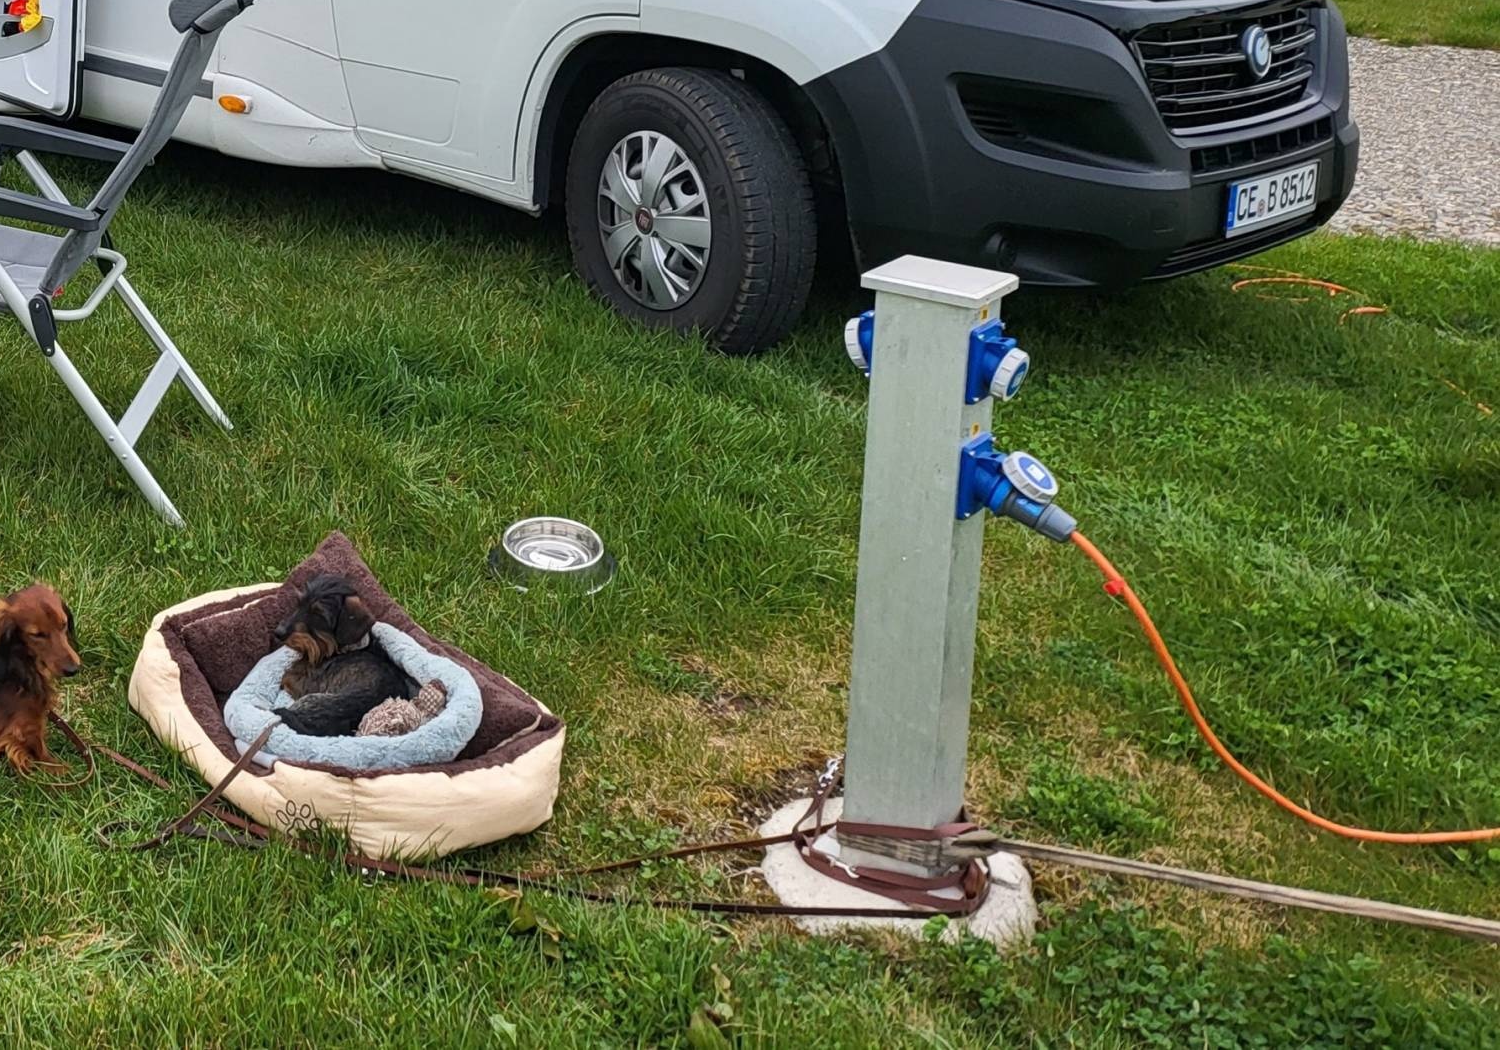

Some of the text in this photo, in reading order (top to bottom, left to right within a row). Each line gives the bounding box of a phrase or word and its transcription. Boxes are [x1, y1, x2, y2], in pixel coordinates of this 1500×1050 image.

[1237, 168, 1315, 221] CE B 8512
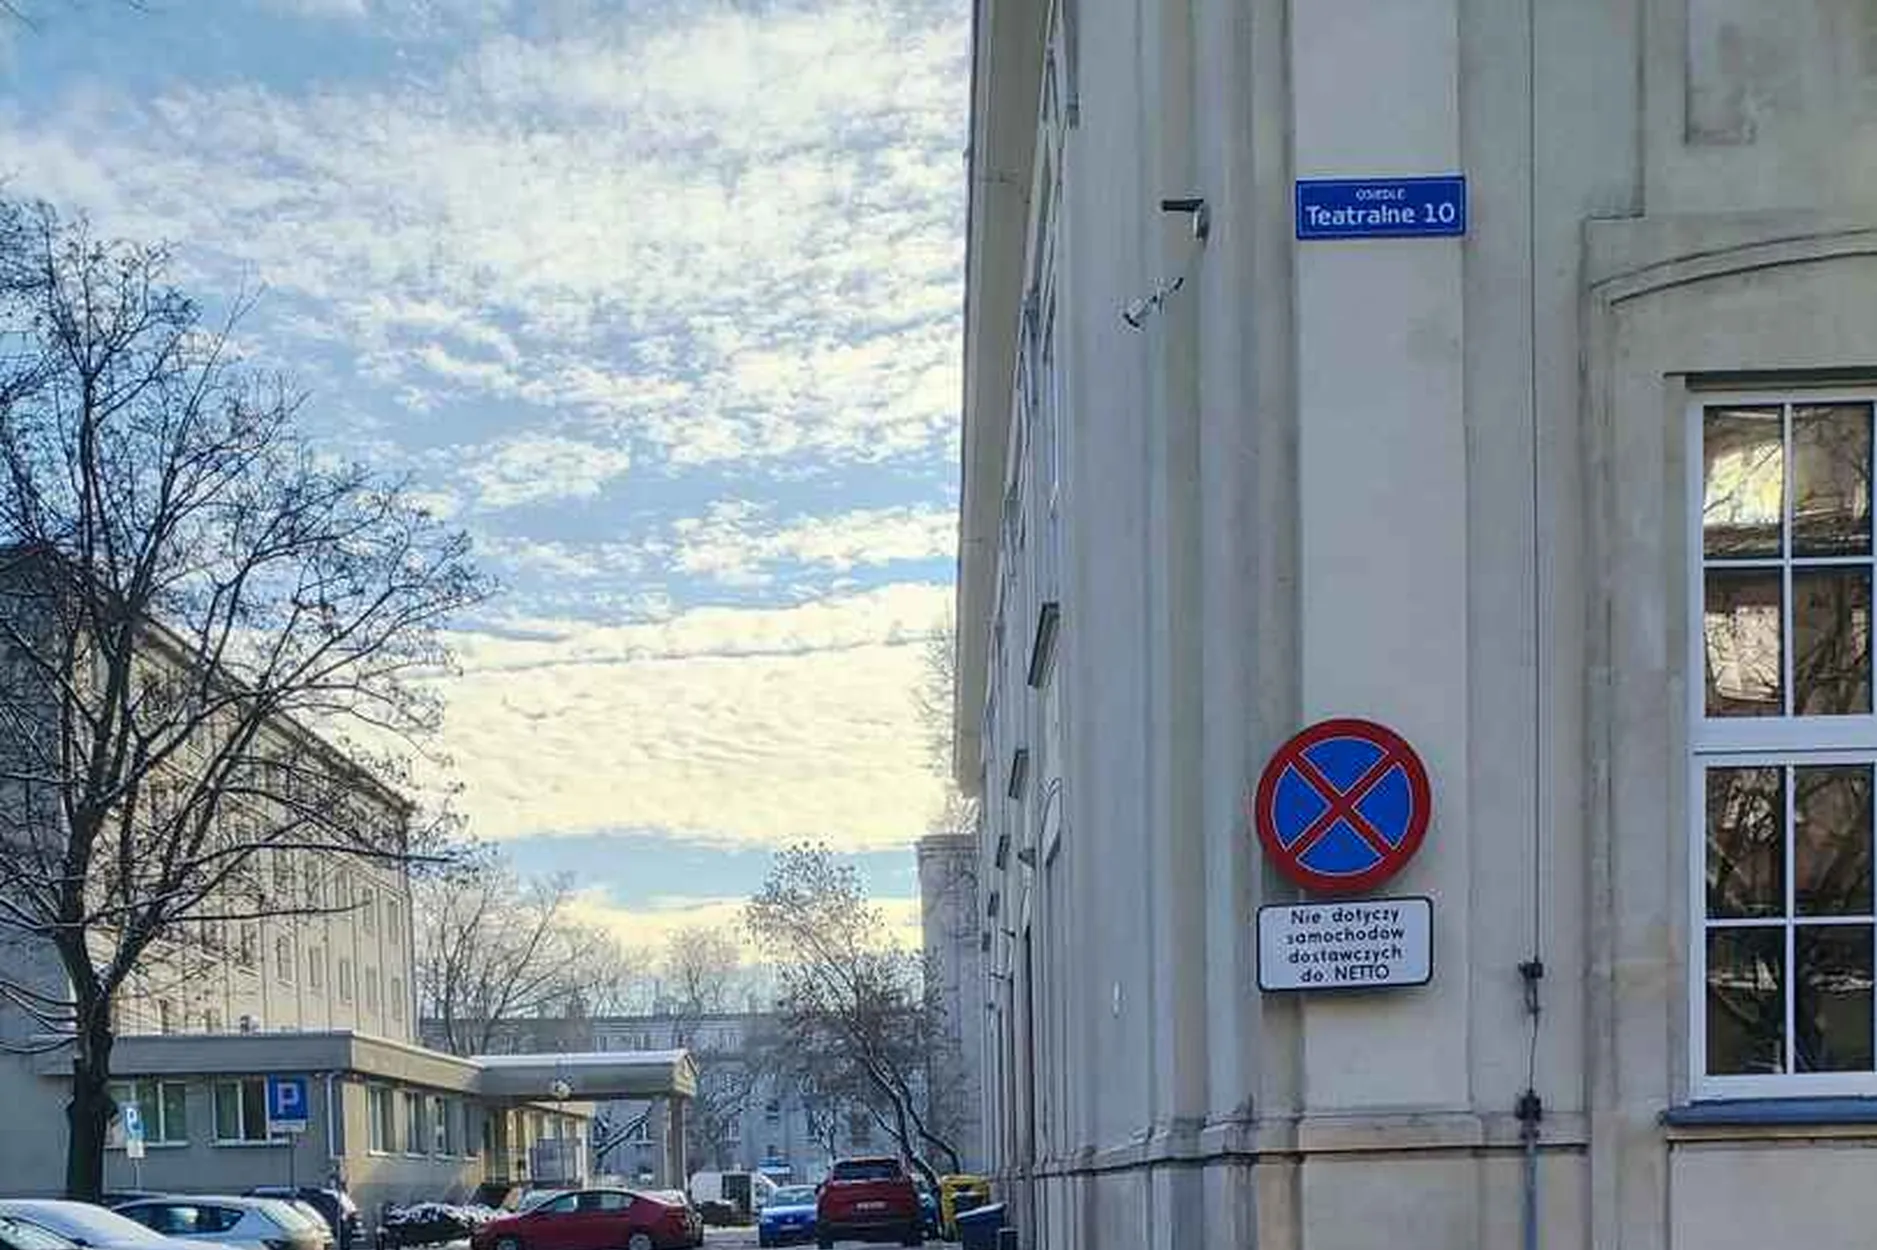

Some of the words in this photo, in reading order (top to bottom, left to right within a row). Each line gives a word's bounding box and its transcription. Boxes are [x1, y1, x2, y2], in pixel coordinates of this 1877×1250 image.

[1305, 205, 1415, 226] Teatralne
[1424, 202, 1455, 223] 10
[1291, 910, 1322, 925] Nie
[1332, 907, 1400, 926] dotyczy
[1288, 944, 1402, 964] dostawczych
[1300, 969, 1325, 983] do
[1334, 964, 1390, 981] NETTO
[277, 1083, 299, 1115] P
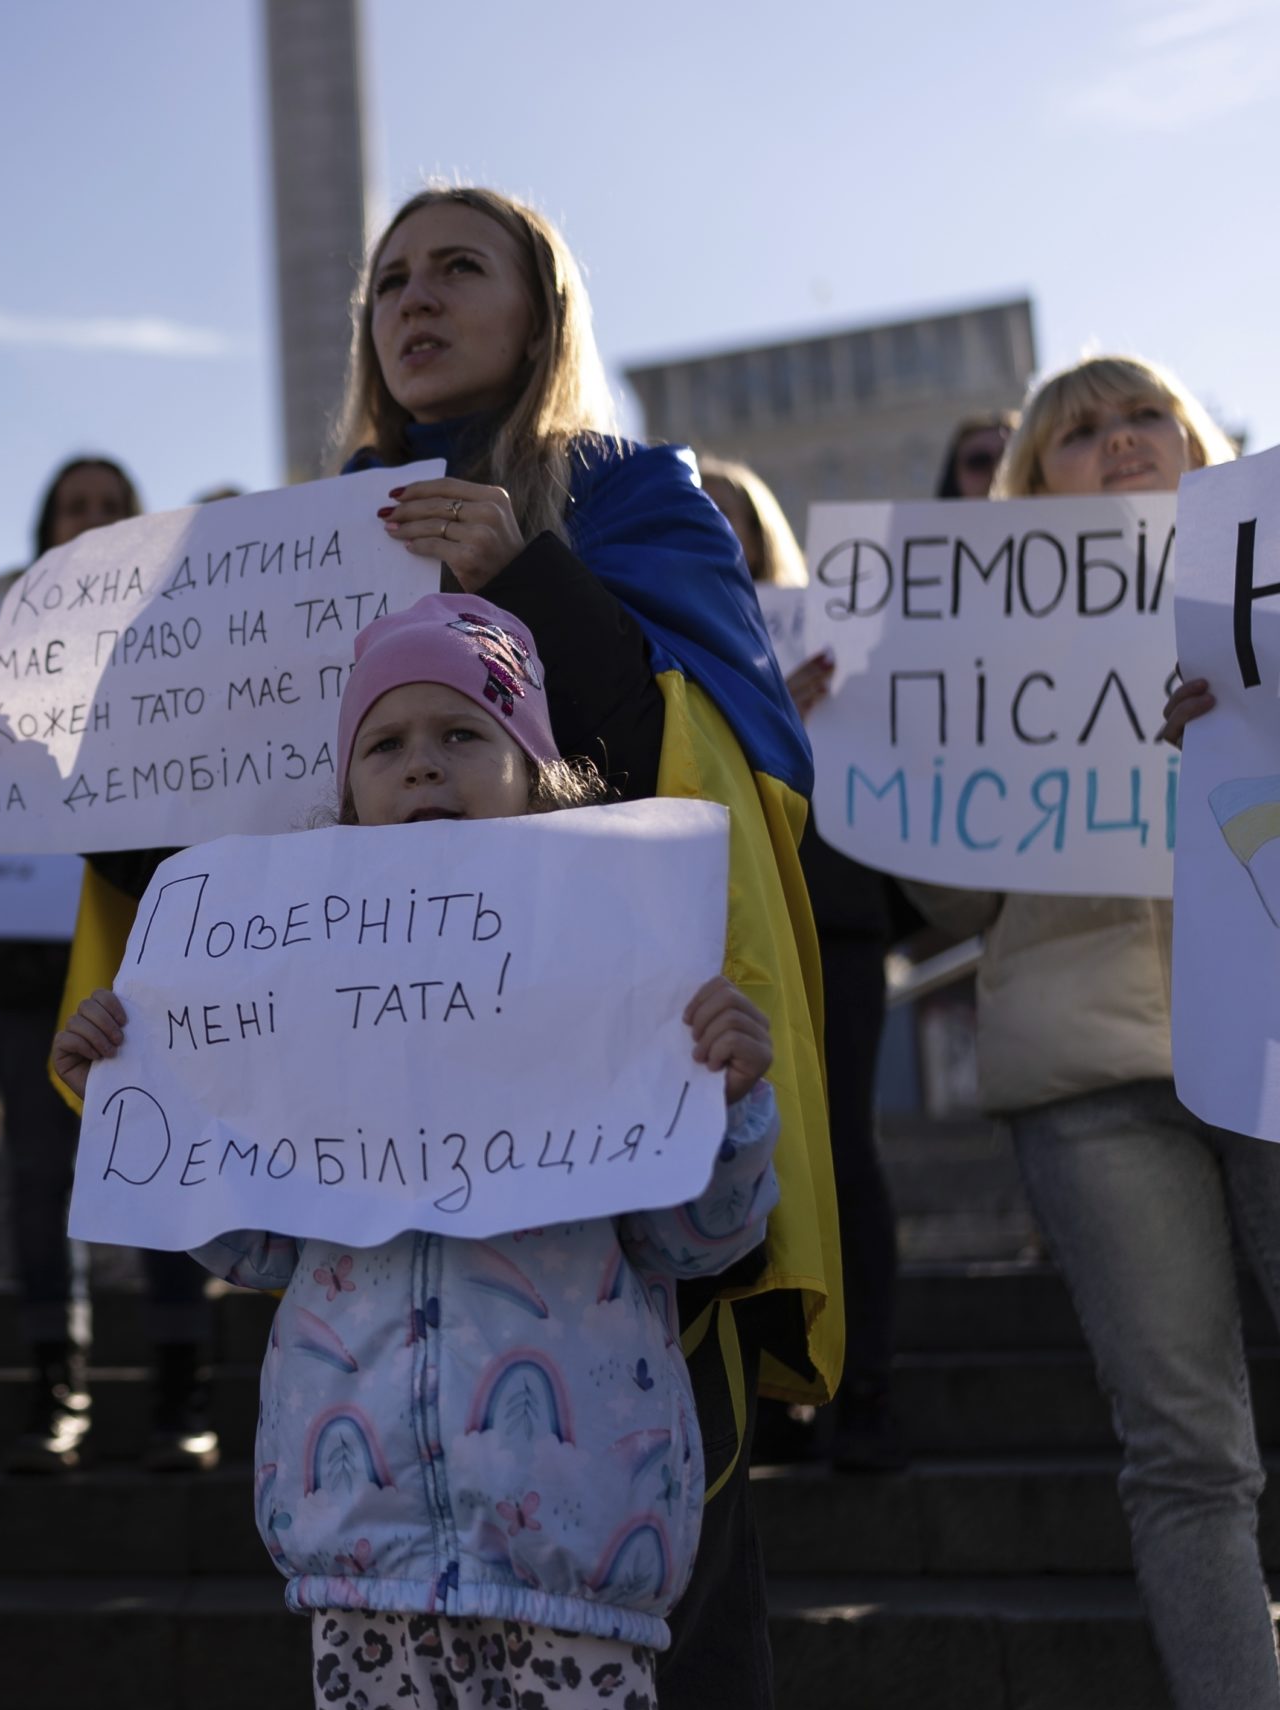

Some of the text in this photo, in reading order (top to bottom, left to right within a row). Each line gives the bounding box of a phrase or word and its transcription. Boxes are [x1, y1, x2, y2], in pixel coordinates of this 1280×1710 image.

[161, 530, 342, 600] ДИТИНА
[94, 616, 201, 667] ПРАВО
[229, 610, 267, 646] НА
[132, 687, 205, 726] ТАТО
[227, 668, 301, 711] МАЄ
[168, 953, 511, 1050] МЕНІ ТАТА!
:::::
## TASK
Leave out the pictures, then give all the records again exactly.

## FINISHED EXERCISE
Some of the text in this photo, in reading order (top to bottom, left to right within a row). Each line gives the bounding box of a phrase or word and its transcription. Boxes are [x1, y1, x2, y2], in pixel coordinates of this 1500×1050 image.

[1237, 168, 1315, 221] CE B 8512

Some of the words in this photo, in reading order (top to bottom, left to right within a row). Each line gives a word's bounding box and its transcription. Boxes are [x1, y1, x2, y2], in pixel coordinates of this 1877×1250 image.

[1305, 205, 1415, 226] Teatralne
[1424, 202, 1455, 223] 10
[1291, 910, 1322, 925] Nie
[1332, 907, 1400, 926] dotyczy
[1288, 944, 1402, 964] dostawczych
[1300, 969, 1325, 983] do
[1334, 964, 1390, 981] NETTO
[277, 1083, 299, 1115] P

Some of the text in this photo, in reading order (top to bottom, left to right within a row). Each line gives the bounding box of a phrase or word and its transcription. Boxes are [x1, y1, x2, y2], in pixel coordinates of this 1280×1710 image.

[161, 530, 342, 600] ДИТИНА
[94, 616, 201, 667] ПРАВО
[229, 610, 267, 646] НА
[132, 687, 205, 726] ТАТО
[227, 668, 301, 711] МАЄ
[168, 953, 511, 1050] МЕНІ ТАТА!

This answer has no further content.